*** SUPPLIED DATA Section Begins ***
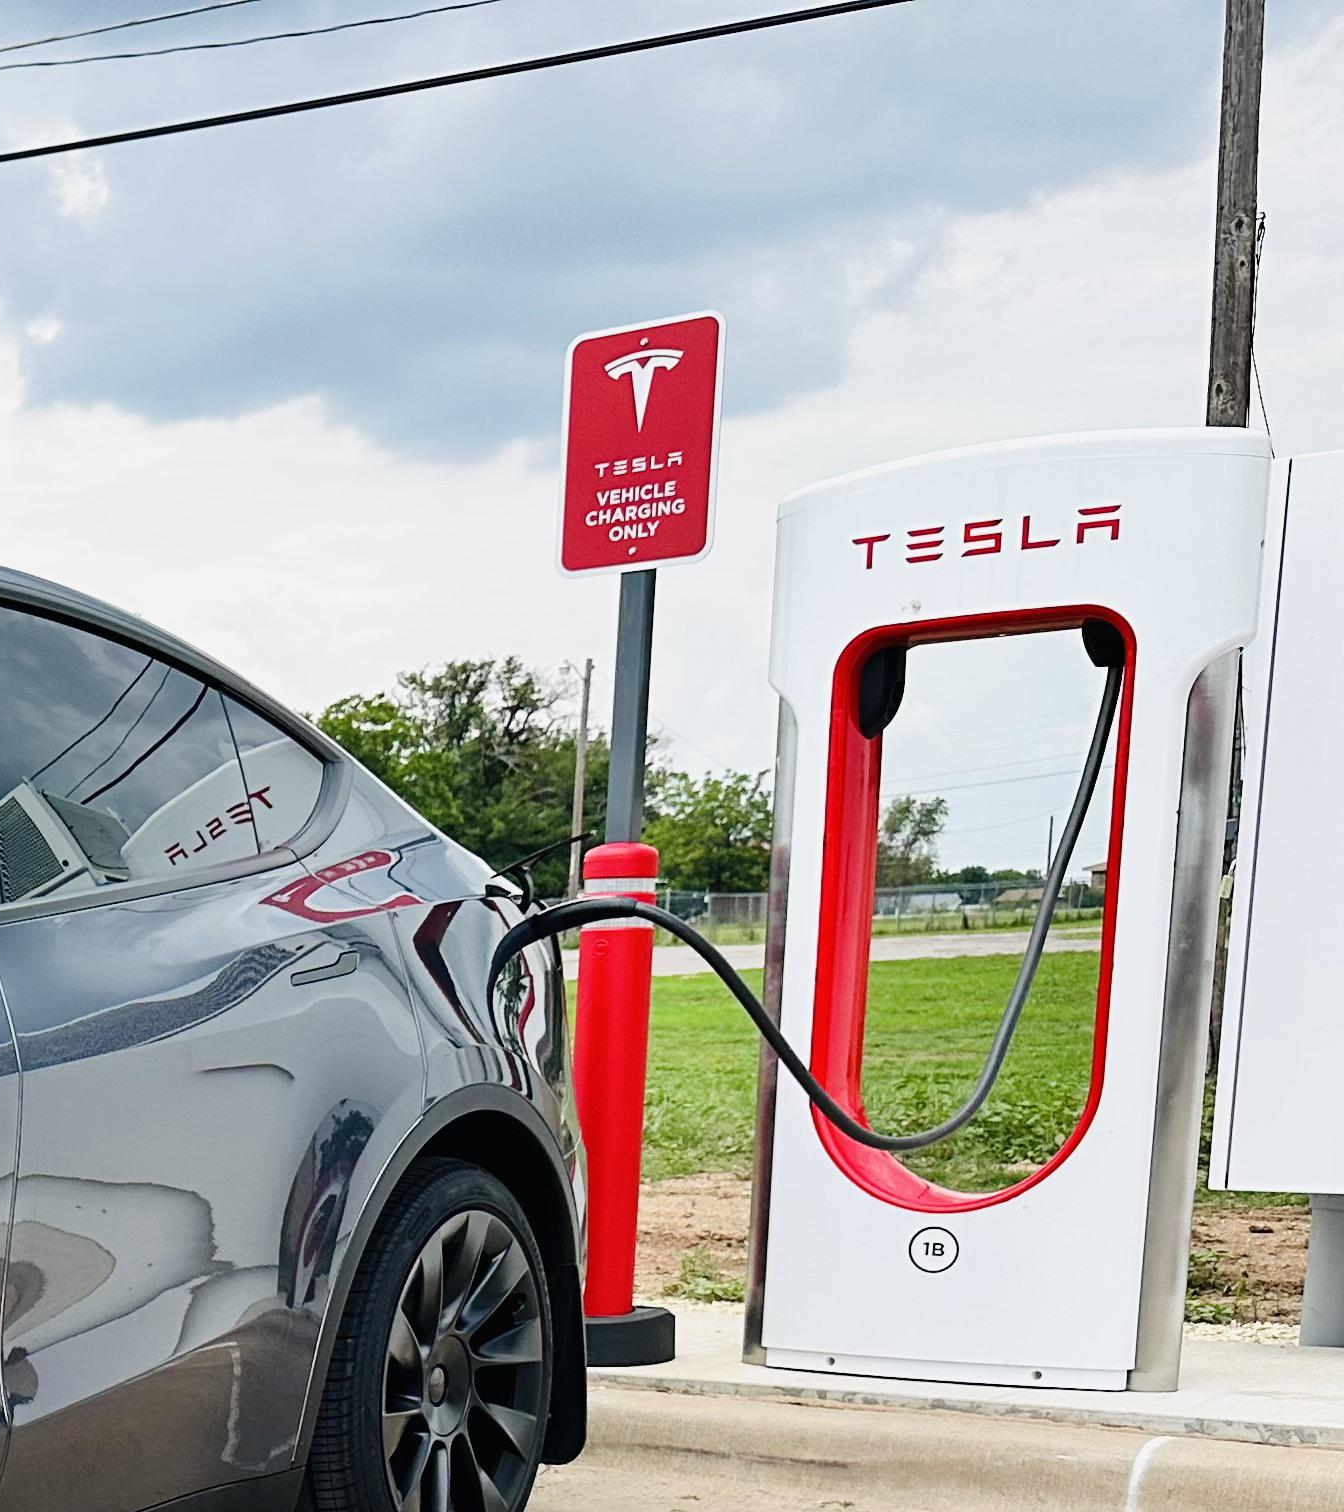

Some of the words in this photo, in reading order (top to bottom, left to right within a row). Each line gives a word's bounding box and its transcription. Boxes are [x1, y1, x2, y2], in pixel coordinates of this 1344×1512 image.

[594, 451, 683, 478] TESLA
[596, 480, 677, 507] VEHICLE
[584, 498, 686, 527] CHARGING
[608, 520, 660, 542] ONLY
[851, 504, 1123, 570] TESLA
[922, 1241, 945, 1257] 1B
*** SUPPLIED DATA Section Ends ***
Give back each of the records above word for word, apart from the pictures.

Some of the words in this photo, in reading order (top to bottom, left to right within a row). Each line gives a word's bounding box and its transcription. Boxes are [x1, y1, x2, y2], in pixel coordinates of this 1344×1512 image.

[594, 451, 683, 478] TESLA
[596, 480, 677, 507] VEHICLE
[584, 498, 686, 527] CHARGING
[608, 520, 660, 542] ONLY
[851, 504, 1123, 570] TESLA
[922, 1241, 945, 1257] 1B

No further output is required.